(Saved data entries)
════════════════════

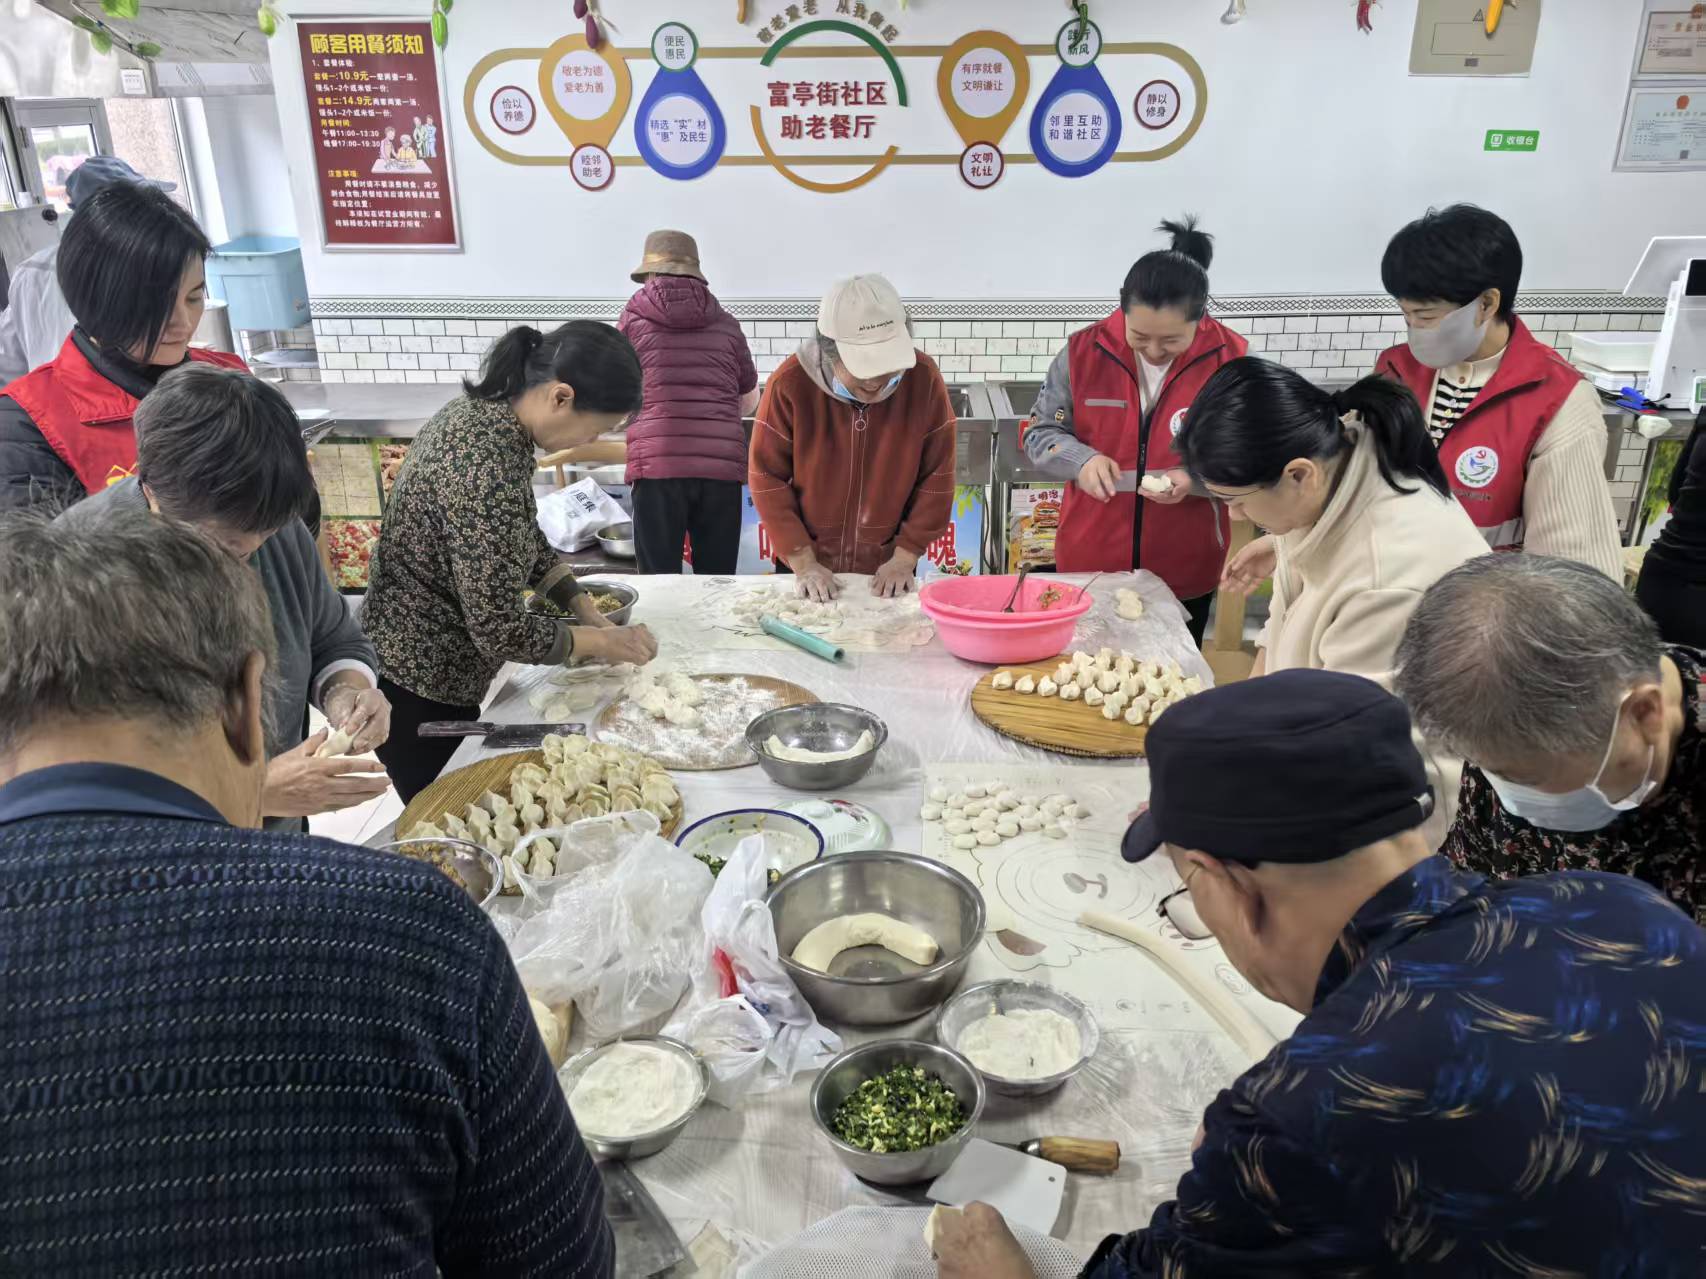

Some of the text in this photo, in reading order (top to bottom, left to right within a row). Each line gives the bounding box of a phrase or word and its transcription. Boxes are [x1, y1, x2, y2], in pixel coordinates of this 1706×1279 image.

[309, 33, 424, 55] 顾客用餐须知
[664, 35, 685, 47] 便民
[665, 48, 687, 60] 惠民
[562, 65, 604, 77] 敬老为德
[961, 62, 1003, 75] 有序就餐
[564, 81, 604, 94] 爱老为善
[961, 79, 1004, 92] 文明谦让
[767, 80, 887, 107] 富亭街社区
[1146, 93, 1167, 105] 静以
[502, 98, 523, 110] 俭以
[503, 110, 525, 123] 养德
[1146, 106, 1166, 118] 修身
[780, 115, 876, 139] 助老餐厅
[1049, 115, 1102, 127] 邻里互助
[1049, 128, 1102, 140] 和谐社区
[581, 154, 602, 166] 睦邻
[971, 152, 994, 164] 文明
[582, 166, 603, 179] 助老
[971, 165, 993, 178] 礼让
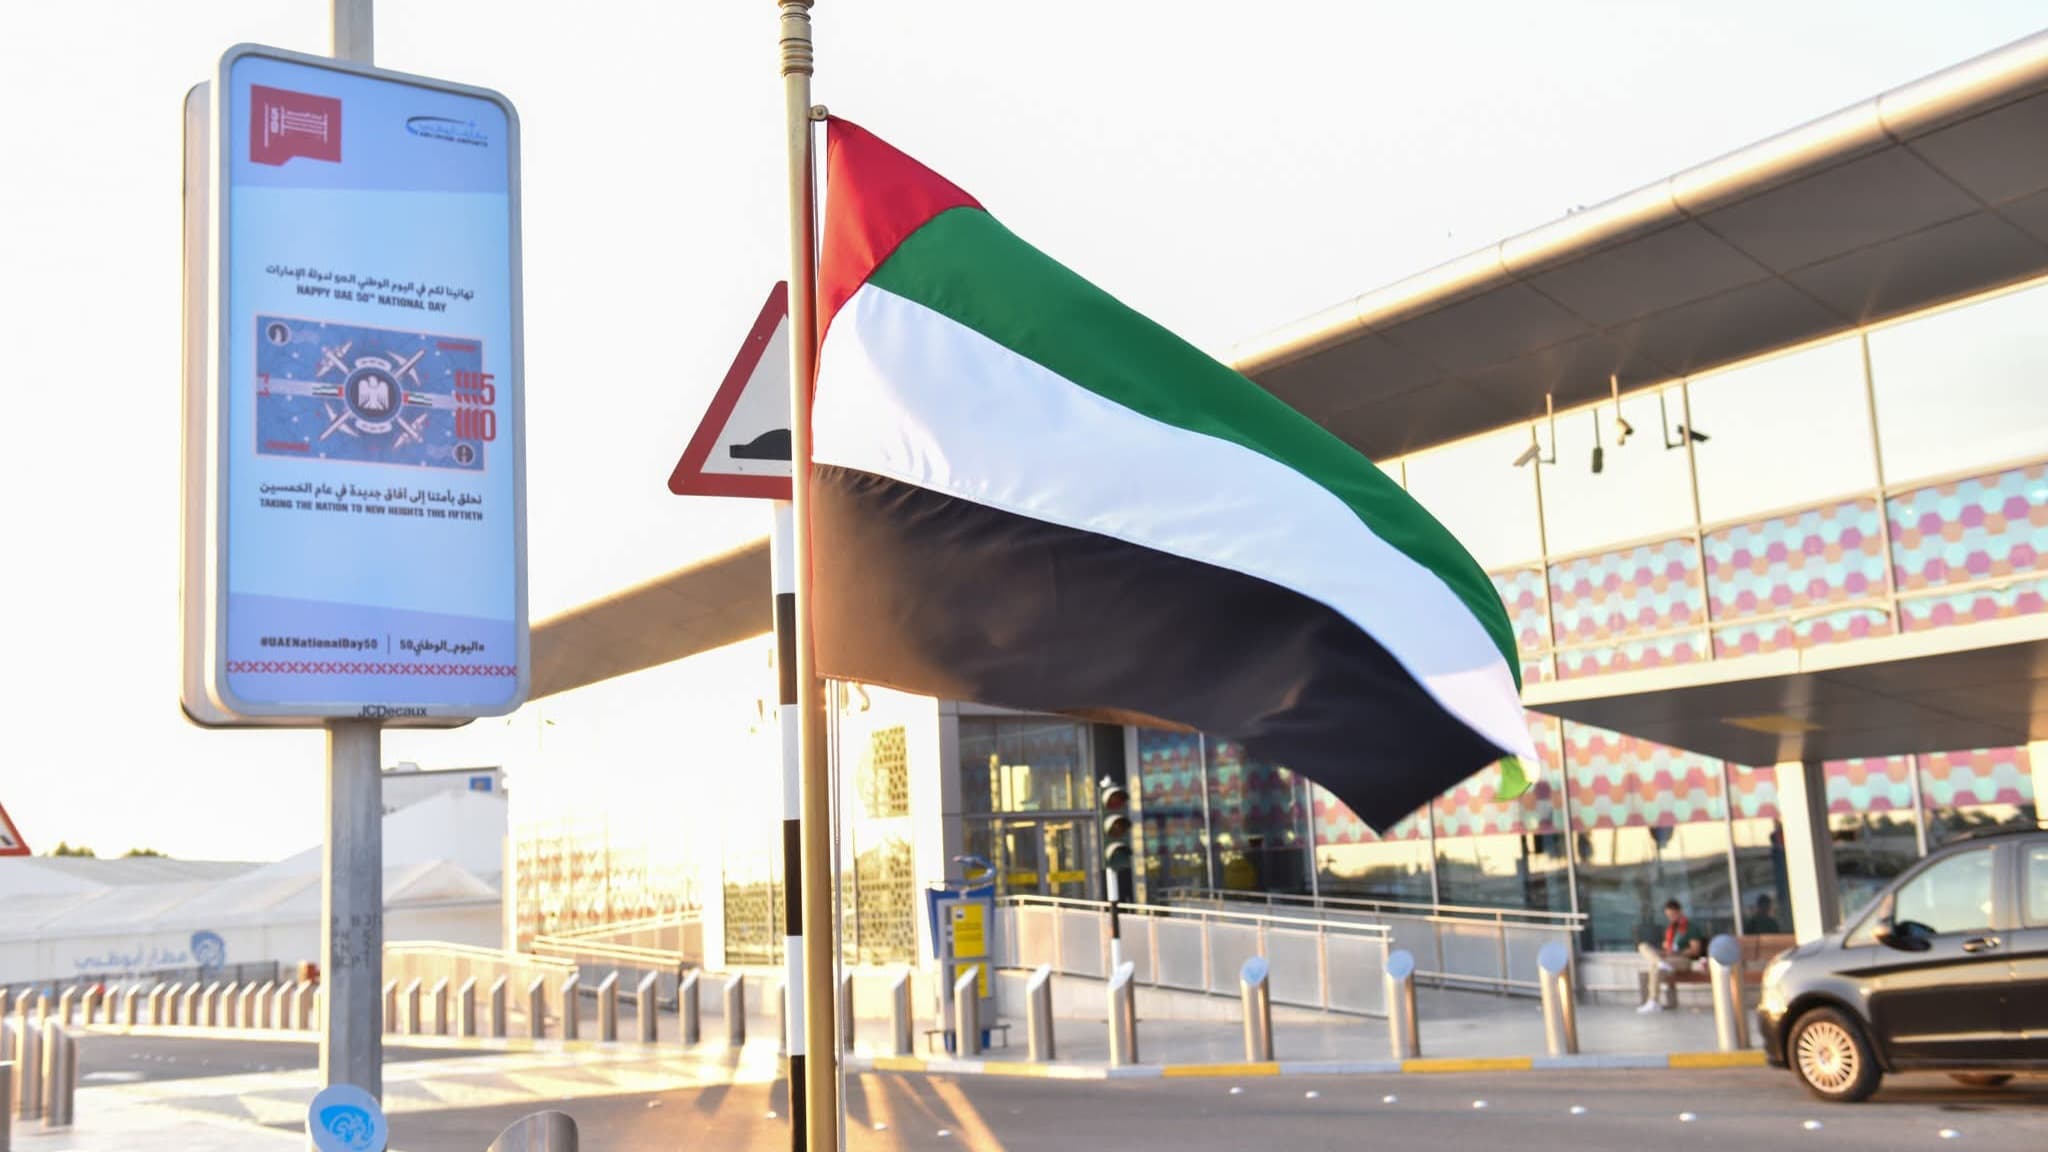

════════════════════

Type out the data above once more, exactly, with no images included.

ANSWER FOR THE TASK >>
Some of the text in this photo, in reading order (top to bottom, left to right within a row). Each line gives the bounding box of a phrase or word and its transcription. Boxes are [x1, y1, x2, y2], in pixel coordinates of this 1706×1279 image.

[309, 33, 424, 55] 顾客用餐须知
[664, 35, 685, 47] 便民
[665, 48, 687, 60] 惠民
[562, 65, 604, 77] 敬老为德
[961, 62, 1003, 75] 有序就餐
[564, 81, 604, 94] 爱老为善
[961, 79, 1004, 92] 文明谦让
[767, 80, 887, 107] 富亭街社区
[1146, 93, 1167, 105] 静以
[502, 98, 523, 110] 俭以
[503, 110, 525, 123] 养德
[1146, 106, 1166, 118] 修身
[780, 115, 876, 139] 助老餐厅
[1049, 115, 1102, 127] 邻里互助
[1049, 128, 1102, 140] 和谐社区
[581, 154, 602, 166] 睦邻
[971, 152, 994, 164] 文明
[582, 166, 603, 179] 助老
[971, 165, 993, 178] 礼让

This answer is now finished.